Her stomach was telling her to throw up. The agony in her shoulder radiated into her neck with every step. Or maybe the stabbing jabs into her neck were something separate?

  Steps. Not her steps. Someone was carrying her, but for a moment she couldn’t think who it might be, or even what had happened. She wanted to open her eyes, but couldn’t seem to part the eyelids. Pain was blocking out coherent thought. Ryka Feldspar, think. What happened?

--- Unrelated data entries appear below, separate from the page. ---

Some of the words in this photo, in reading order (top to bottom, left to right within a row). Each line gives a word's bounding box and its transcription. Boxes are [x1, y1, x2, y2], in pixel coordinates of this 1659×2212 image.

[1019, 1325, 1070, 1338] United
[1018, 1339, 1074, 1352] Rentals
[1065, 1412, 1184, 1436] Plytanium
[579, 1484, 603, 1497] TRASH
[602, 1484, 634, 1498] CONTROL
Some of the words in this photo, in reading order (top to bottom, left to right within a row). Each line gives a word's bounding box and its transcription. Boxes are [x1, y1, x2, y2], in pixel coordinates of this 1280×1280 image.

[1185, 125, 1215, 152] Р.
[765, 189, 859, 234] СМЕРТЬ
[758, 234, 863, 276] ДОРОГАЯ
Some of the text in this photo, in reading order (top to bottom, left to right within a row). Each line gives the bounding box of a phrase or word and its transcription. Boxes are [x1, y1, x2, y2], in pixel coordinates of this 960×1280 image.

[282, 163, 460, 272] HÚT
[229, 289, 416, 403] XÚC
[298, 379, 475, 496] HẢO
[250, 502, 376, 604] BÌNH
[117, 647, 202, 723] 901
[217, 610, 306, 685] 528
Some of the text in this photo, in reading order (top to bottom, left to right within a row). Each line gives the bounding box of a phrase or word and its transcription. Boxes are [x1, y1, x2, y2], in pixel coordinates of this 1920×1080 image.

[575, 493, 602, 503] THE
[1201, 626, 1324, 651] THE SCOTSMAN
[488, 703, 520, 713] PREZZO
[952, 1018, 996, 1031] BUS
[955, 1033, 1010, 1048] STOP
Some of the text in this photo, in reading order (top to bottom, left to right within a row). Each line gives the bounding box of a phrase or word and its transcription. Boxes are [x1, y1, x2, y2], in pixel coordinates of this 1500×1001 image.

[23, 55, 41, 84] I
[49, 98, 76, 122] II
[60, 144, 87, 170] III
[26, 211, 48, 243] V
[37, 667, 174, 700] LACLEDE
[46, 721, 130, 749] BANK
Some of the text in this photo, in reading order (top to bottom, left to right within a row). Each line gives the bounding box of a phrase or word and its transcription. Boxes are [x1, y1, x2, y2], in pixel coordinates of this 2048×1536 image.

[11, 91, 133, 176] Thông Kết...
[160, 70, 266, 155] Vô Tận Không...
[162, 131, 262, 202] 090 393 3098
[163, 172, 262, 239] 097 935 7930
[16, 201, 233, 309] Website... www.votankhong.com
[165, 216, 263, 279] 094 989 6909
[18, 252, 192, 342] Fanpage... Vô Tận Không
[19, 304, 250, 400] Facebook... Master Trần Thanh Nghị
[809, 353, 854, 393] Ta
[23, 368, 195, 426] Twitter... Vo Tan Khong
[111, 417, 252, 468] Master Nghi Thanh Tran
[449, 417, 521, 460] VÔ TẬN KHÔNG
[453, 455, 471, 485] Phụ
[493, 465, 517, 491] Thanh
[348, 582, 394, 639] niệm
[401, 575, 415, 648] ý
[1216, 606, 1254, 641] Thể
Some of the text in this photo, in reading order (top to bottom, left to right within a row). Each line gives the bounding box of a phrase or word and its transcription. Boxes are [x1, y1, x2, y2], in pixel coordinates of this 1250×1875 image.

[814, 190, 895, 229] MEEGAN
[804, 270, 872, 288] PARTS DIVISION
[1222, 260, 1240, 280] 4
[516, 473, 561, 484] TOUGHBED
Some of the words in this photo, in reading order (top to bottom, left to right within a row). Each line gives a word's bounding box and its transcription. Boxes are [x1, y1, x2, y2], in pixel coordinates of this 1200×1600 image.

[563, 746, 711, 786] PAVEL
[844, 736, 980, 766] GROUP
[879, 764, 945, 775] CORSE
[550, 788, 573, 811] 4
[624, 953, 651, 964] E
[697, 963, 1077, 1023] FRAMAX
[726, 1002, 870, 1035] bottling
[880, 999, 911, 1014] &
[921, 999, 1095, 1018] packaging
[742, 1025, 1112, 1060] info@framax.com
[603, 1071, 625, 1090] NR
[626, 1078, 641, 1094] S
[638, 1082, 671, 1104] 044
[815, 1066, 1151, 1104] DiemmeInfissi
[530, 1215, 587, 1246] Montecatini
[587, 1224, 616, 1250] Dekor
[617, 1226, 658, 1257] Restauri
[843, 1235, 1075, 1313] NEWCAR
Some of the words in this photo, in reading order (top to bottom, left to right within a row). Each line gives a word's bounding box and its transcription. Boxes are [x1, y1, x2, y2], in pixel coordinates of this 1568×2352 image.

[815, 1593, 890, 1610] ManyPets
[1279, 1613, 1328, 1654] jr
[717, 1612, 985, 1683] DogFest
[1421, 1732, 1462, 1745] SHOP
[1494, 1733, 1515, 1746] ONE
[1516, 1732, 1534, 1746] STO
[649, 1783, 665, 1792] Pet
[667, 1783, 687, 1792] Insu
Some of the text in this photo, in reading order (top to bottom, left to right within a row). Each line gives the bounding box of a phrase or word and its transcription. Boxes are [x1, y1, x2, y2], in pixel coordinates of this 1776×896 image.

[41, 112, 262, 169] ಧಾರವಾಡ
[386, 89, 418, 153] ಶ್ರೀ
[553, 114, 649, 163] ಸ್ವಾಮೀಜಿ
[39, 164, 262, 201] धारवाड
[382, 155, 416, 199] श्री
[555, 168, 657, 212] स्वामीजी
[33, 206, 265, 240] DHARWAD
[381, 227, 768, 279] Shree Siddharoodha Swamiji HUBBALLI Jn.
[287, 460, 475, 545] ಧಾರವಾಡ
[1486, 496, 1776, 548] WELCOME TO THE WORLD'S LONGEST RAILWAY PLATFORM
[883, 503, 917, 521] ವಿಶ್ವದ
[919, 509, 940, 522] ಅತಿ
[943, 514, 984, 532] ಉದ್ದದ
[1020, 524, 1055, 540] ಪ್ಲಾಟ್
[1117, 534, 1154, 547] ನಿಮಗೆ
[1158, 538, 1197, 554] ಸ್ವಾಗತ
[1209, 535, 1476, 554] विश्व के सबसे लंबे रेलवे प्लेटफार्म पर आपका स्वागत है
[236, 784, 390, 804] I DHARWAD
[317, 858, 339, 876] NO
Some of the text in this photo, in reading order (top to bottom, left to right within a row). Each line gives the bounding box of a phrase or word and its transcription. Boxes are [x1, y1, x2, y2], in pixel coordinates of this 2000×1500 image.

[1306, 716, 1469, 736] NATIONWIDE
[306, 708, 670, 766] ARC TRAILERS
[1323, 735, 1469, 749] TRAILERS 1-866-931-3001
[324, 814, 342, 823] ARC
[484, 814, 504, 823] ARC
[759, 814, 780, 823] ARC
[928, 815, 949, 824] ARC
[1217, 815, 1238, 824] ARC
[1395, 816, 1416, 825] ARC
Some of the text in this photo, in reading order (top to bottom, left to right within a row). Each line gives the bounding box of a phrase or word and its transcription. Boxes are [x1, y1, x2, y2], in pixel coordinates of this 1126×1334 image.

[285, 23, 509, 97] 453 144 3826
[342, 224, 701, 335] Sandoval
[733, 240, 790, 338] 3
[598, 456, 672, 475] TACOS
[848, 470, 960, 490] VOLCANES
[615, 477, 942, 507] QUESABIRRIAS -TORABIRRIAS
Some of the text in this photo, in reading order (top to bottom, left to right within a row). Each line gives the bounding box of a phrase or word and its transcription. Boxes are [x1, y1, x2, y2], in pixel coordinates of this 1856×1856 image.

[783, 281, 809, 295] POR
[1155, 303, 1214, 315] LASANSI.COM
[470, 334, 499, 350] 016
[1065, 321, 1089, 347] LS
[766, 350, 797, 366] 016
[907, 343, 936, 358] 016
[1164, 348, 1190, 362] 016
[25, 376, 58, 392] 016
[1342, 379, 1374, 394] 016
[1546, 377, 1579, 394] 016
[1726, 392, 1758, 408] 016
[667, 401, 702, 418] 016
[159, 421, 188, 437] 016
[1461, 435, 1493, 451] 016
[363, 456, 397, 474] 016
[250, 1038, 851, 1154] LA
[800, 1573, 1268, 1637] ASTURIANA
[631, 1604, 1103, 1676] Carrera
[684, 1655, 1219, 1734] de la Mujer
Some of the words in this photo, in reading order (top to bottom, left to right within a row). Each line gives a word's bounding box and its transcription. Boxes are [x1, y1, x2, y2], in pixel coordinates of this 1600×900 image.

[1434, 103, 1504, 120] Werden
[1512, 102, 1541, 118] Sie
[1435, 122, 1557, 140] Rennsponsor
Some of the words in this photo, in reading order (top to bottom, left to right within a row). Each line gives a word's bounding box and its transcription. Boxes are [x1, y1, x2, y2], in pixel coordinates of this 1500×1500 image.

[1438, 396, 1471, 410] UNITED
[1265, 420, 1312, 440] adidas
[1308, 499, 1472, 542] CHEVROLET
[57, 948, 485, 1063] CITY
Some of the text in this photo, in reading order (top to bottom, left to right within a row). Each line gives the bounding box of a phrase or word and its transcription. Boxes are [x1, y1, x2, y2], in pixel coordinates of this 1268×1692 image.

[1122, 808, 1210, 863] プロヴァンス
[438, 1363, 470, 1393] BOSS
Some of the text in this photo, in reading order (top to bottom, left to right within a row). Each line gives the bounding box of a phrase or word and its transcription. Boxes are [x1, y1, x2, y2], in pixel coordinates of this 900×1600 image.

  Sliver by sliver, she began to collect her last memories. She’d been on a pede.

  Another pede had slashed her across the neck with the serrated edge of its feeler. Ah, that explains the neck. She’d fallen. And that explained the pain just about everywhere else. She’d be one big bruise after a tumble like that. The shoulder: she couldn’t move her arm without terrible pain. She hazarded a guess: a broken clavicle. Anything else?

  And then it all came rushing back. Ravard.

  Her eyes flew open.

  He was carrying her. It was still dark and she was looking up at the underside of his chin. A wave of awful dizziness drowned her. She moved her head slightly and vomited.

  “Welcome back,” he said.

  And then he was ducking his head to enter a tent and lay her down on the central carpet. Her tent.

  Kedri!

  She looked around, ignoring the agony every move caused her. The tent was lit with the oil lamp and the first thing she saw was Robena, lying on the floor facing her. The woman’s eyes stared lifelessly. A bloody tear had been ripped through her throat and the front of her clothing was drenched with blood. Blood soaked into the carpet, so much it looked almost black. Sticky.